> What the task requires: The range runs from the line containing "this 1385×1846 image." to the last line of the entries. Copy that range exactly, omitting pictures.
═════ Provided material ═════
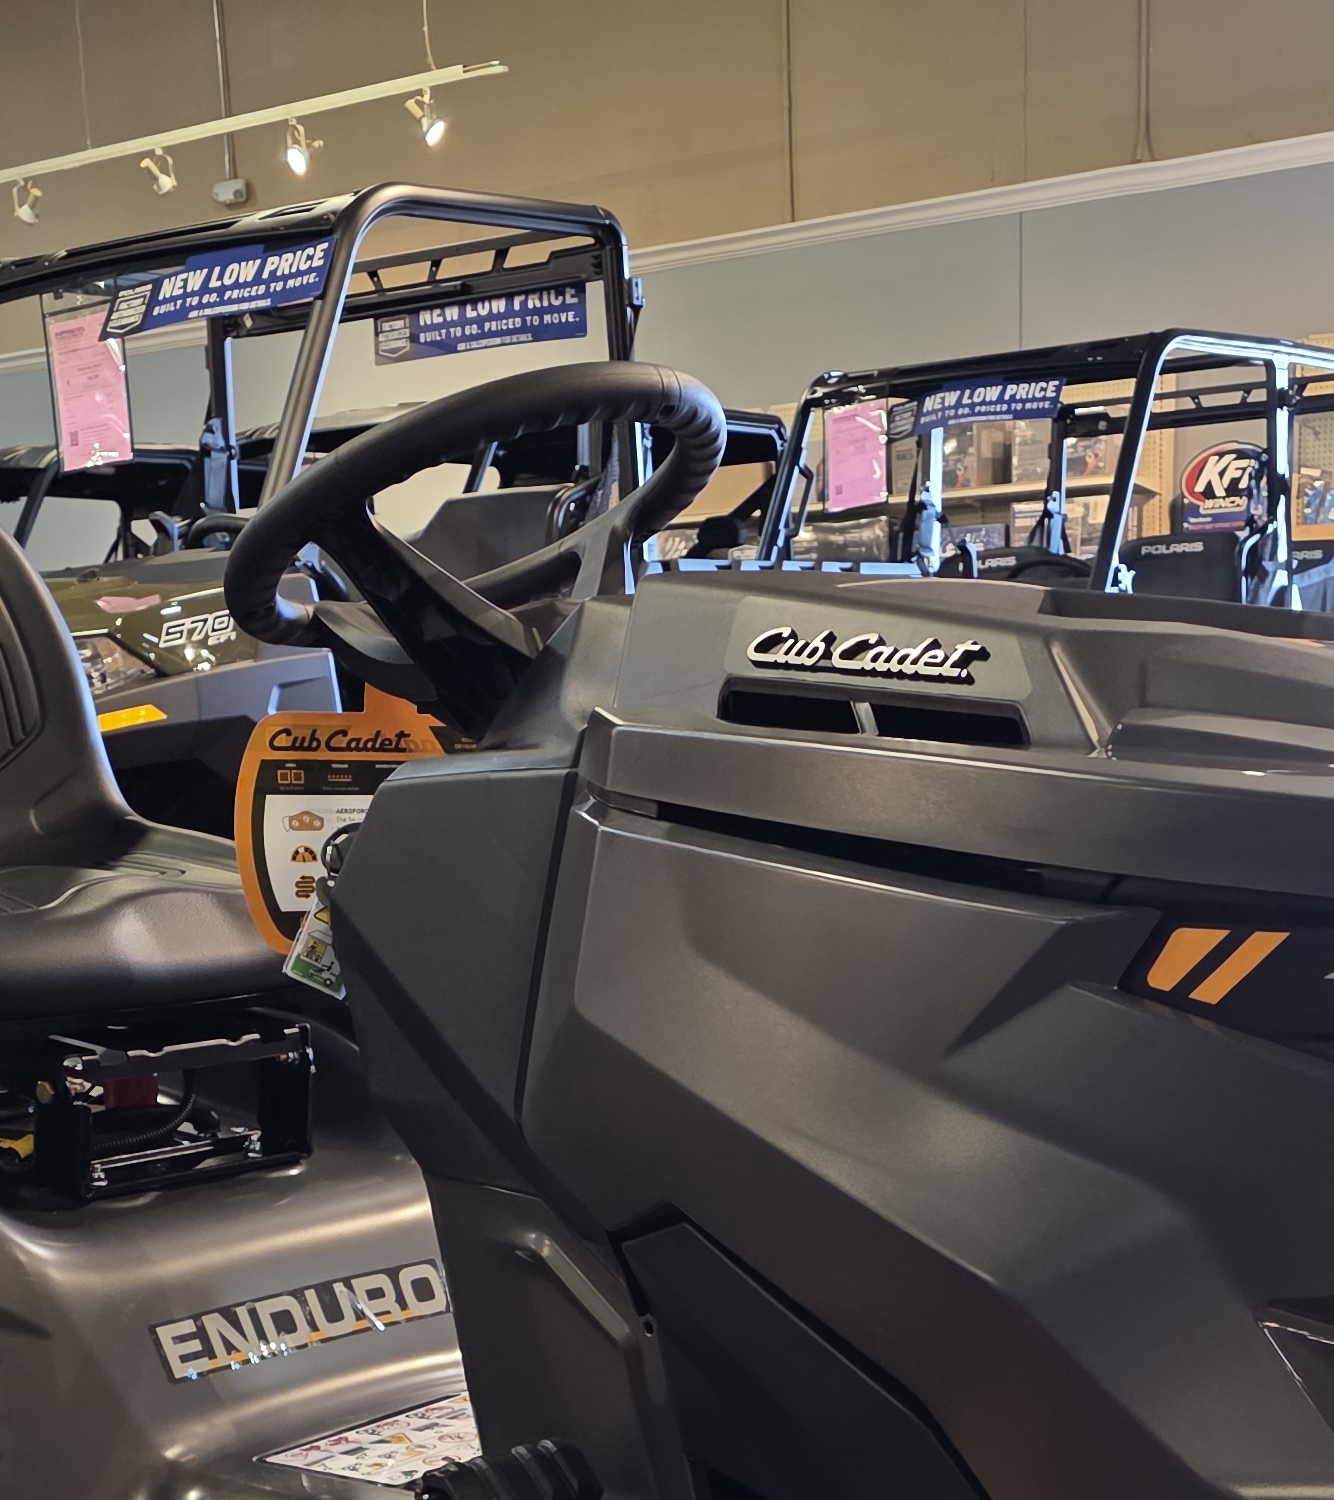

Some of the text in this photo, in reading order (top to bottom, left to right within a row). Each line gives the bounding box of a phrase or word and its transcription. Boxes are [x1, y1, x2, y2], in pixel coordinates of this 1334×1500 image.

[158, 242, 329, 300] NEW LOW PRICE
[186, 296, 199, 306] TO
[224, 284, 266, 300] PRICED
[270, 281, 283, 293] TO
[419, 287, 578, 326] NEW LOW PRICE
[450, 327, 462, 338] TO
[484, 319, 522, 333] PRICED
[525, 316, 539, 326] TO
[543, 311, 580, 325] MOVE.
[923, 380, 1060, 413] NEW LOW PRICE
[1141, 542, 1204, 555] POLARIS
[159, 610, 234, 648] 570
[747, 626, 831, 667] Cub
[268, 727, 411, 753] Cub Cadet
[155, 1264, 447, 1379] ENDURO
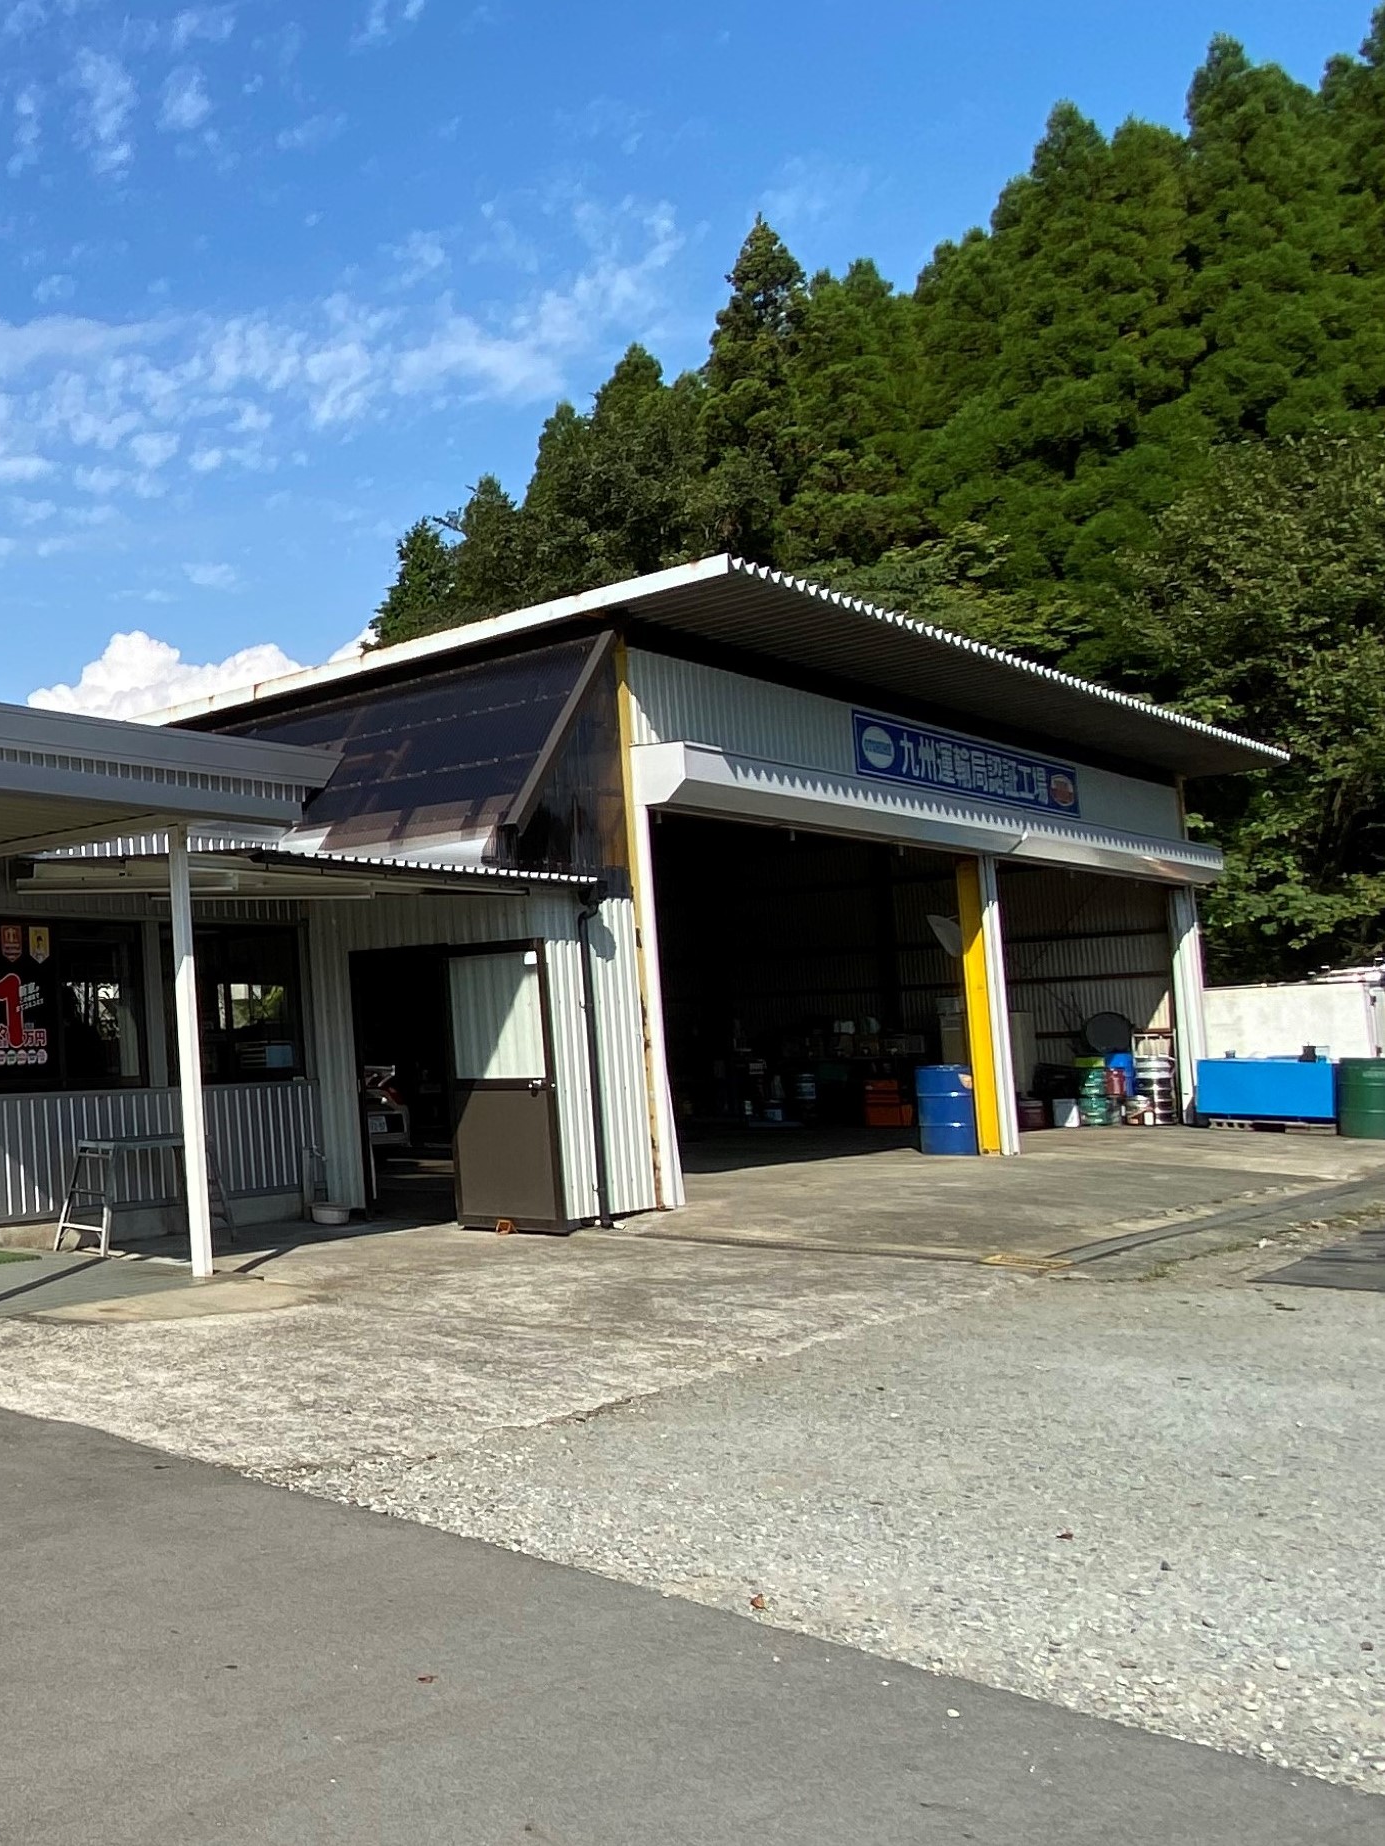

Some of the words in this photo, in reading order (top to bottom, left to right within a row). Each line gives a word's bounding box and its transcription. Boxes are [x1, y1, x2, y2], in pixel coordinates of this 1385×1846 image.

[900, 732, 1049, 805] 九州運輸局認証工場
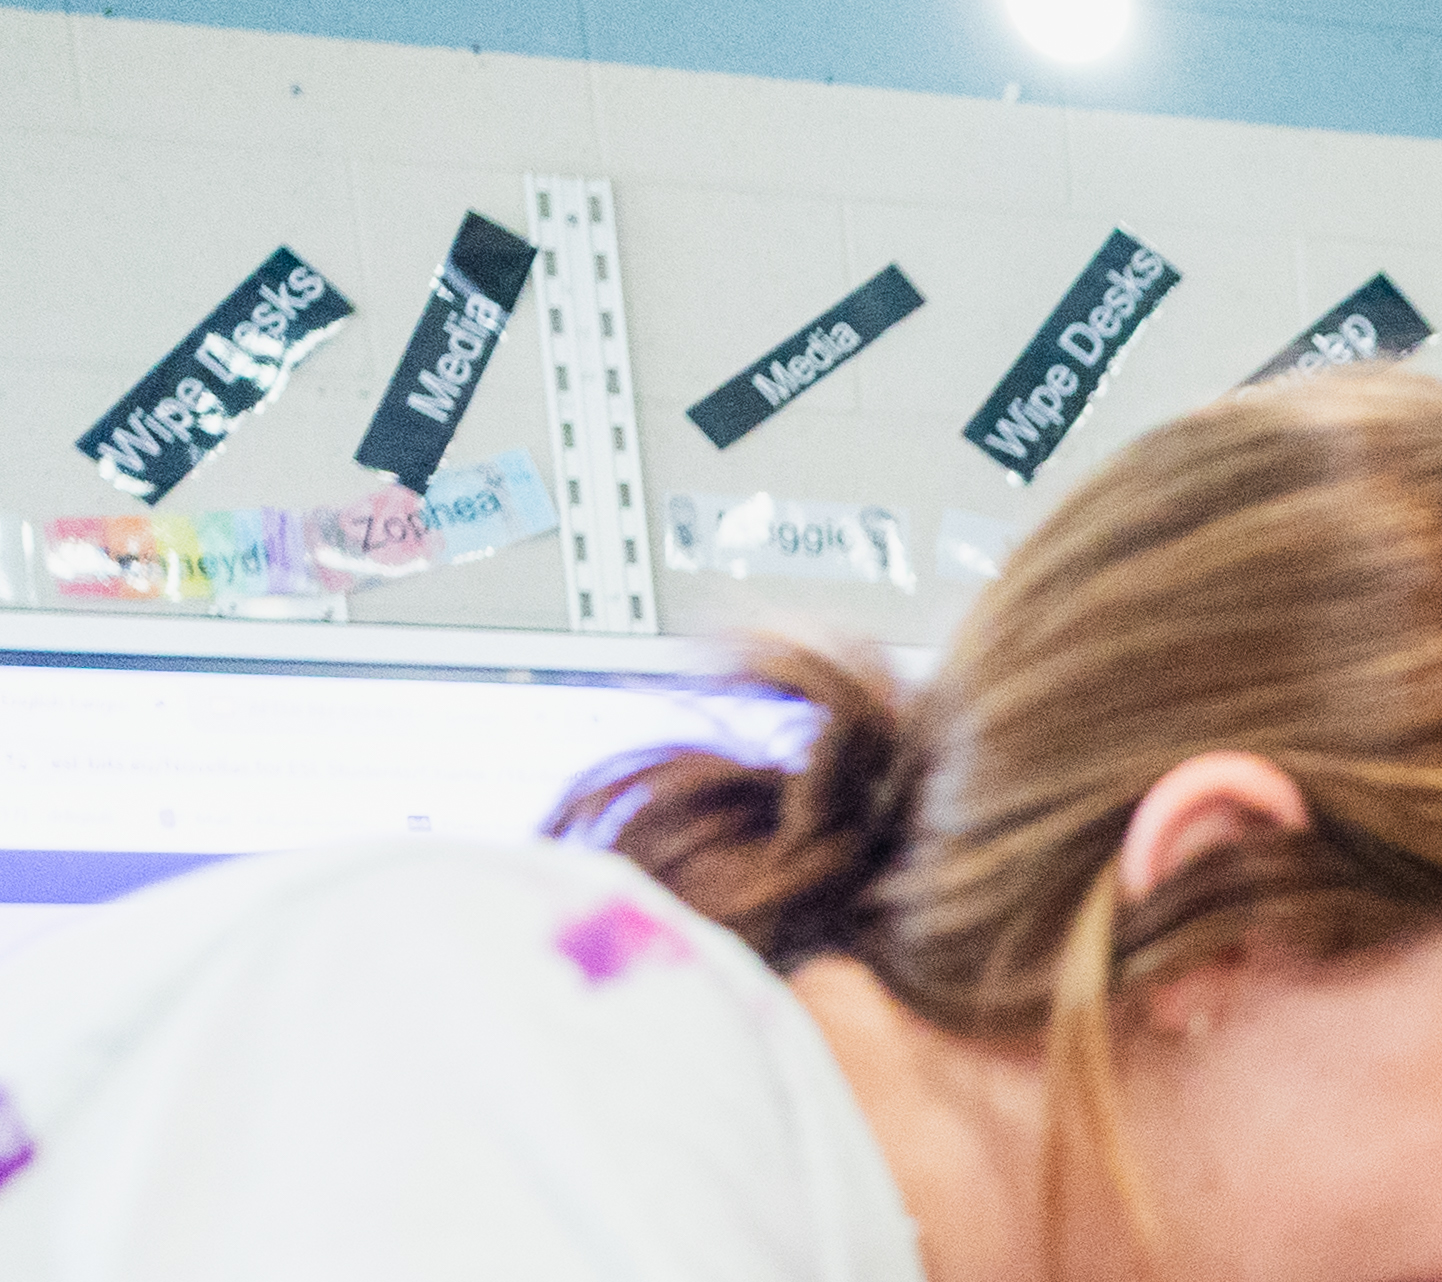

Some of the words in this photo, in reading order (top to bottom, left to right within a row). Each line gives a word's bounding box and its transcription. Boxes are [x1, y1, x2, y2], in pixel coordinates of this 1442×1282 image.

[406, 292, 502, 423] Media
[751, 318, 862, 408] Media
[984, 366, 1080, 460] Wipe
[1059, 246, 1164, 366] Desks
[99, 376, 207, 475] Wipe
═════
> Solution:
Some of the words in this photo, in reading order (top to bottom, left to right within a row). Each line gives a word's bounding box and its transcription. Boxes are [x1, y1, x2, y2], in pixel coordinates of this 1385×1846 image.

[900, 732, 1049, 805] 九州運輸局認証工場

Some of the words in this photo, in reading order (top to bottom, left to right within a row). Each line gives a word's bounding box and its transcription. Boxes are [x1, y1, x2, y2], in pixel coordinates of this 1442×1282 image.

[406, 292, 502, 423] Media
[751, 318, 862, 408] Media
[984, 366, 1080, 460] Wipe
[1059, 246, 1164, 366] Desks
[99, 376, 207, 475] Wipe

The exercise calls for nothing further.